╭─ Raw data

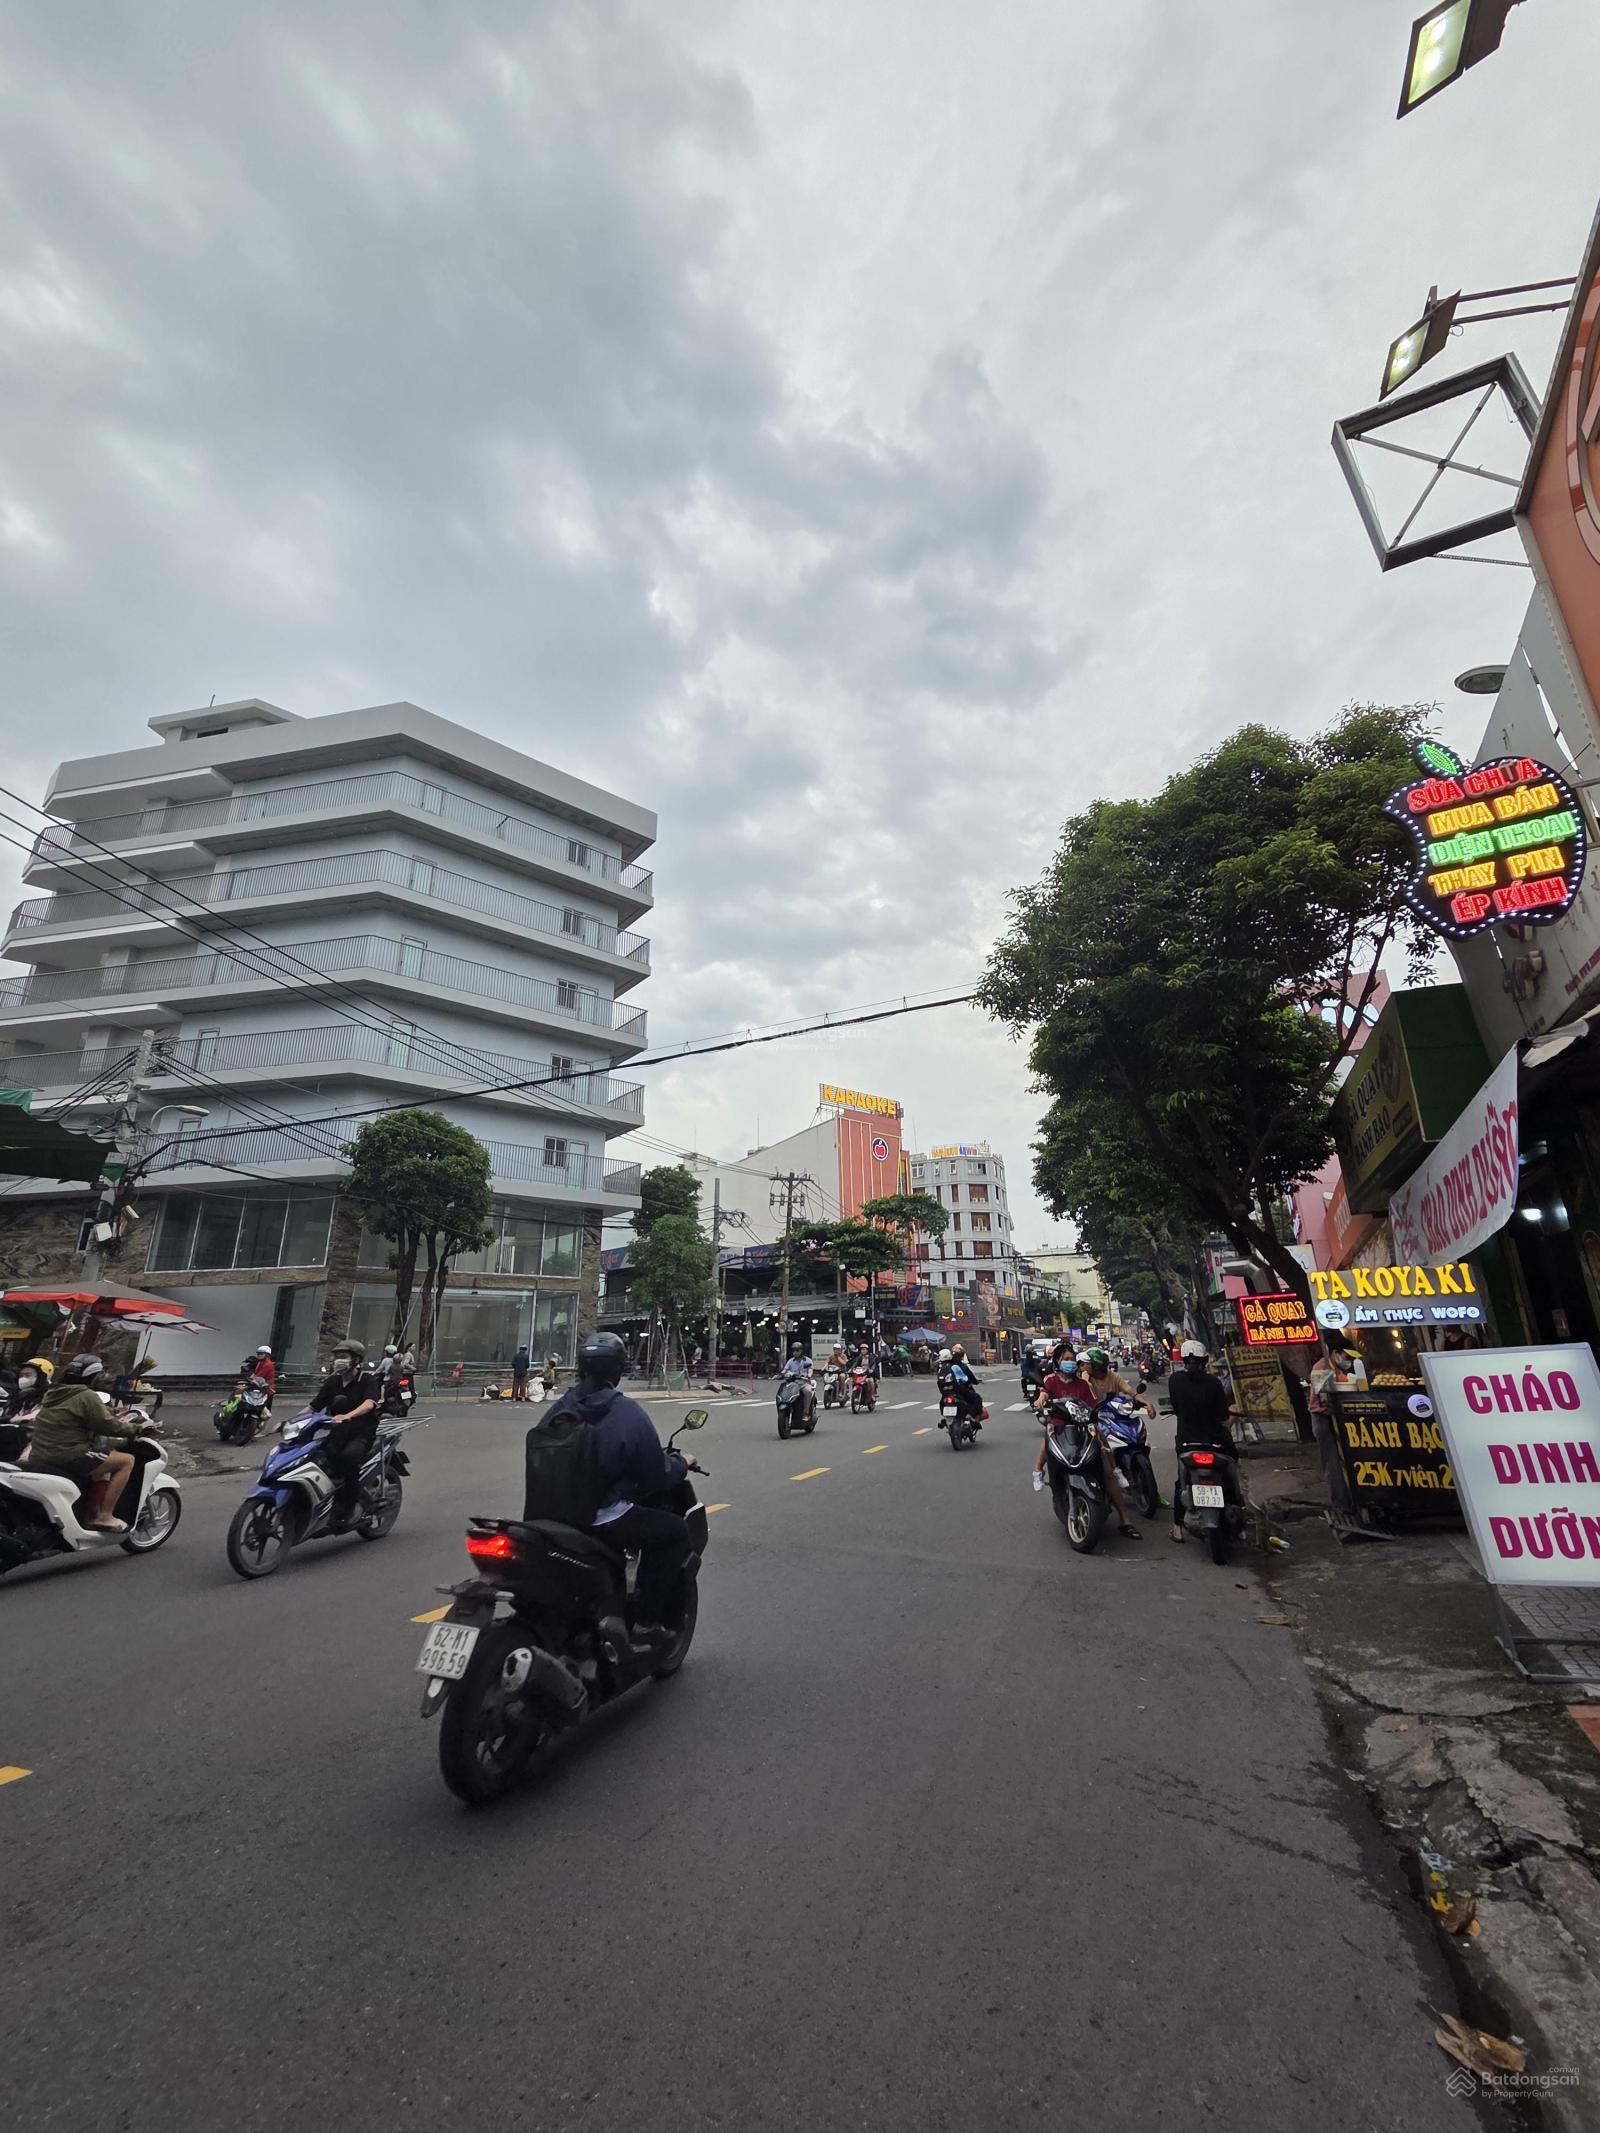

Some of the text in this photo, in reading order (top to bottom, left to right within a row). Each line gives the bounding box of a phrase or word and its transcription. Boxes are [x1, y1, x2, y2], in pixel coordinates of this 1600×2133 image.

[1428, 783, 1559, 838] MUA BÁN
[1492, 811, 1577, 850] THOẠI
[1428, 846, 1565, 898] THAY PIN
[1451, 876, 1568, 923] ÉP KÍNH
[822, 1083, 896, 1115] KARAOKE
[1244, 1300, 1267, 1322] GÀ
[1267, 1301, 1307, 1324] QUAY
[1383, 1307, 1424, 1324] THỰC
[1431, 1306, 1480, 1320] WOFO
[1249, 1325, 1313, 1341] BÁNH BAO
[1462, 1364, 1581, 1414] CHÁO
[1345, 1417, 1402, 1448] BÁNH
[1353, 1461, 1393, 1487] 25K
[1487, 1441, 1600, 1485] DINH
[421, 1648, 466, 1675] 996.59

╰─

Print the material precisely as given, dropping any images it holds.

• Output for this task:
Some of the text in this photo, in reading order (top to bottom, left to right within a row). Each line gives the bounding box of a phrase or word and its transcription. Boxes are [x1, y1, x2, y2], in pixel coordinates of this 1600×2133 image.

[1428, 783, 1559, 838] MUA BÁN
[1492, 811, 1577, 850] THOẠI
[1428, 846, 1565, 898] THAY PIN
[1451, 876, 1568, 923] ÉP KÍNH
[822, 1083, 896, 1115] KARAOKE
[1244, 1300, 1267, 1322] GÀ
[1267, 1301, 1307, 1324] QUAY
[1383, 1307, 1424, 1324] THỰC
[1431, 1306, 1480, 1320] WOFO
[1249, 1325, 1313, 1341] BÁNH BAO
[1462, 1364, 1581, 1414] CHÁO
[1345, 1417, 1402, 1448] BÁNH
[1353, 1461, 1393, 1487] 25K
[1487, 1441, 1600, 1485] DINH
[421, 1648, 466, 1675] 996.59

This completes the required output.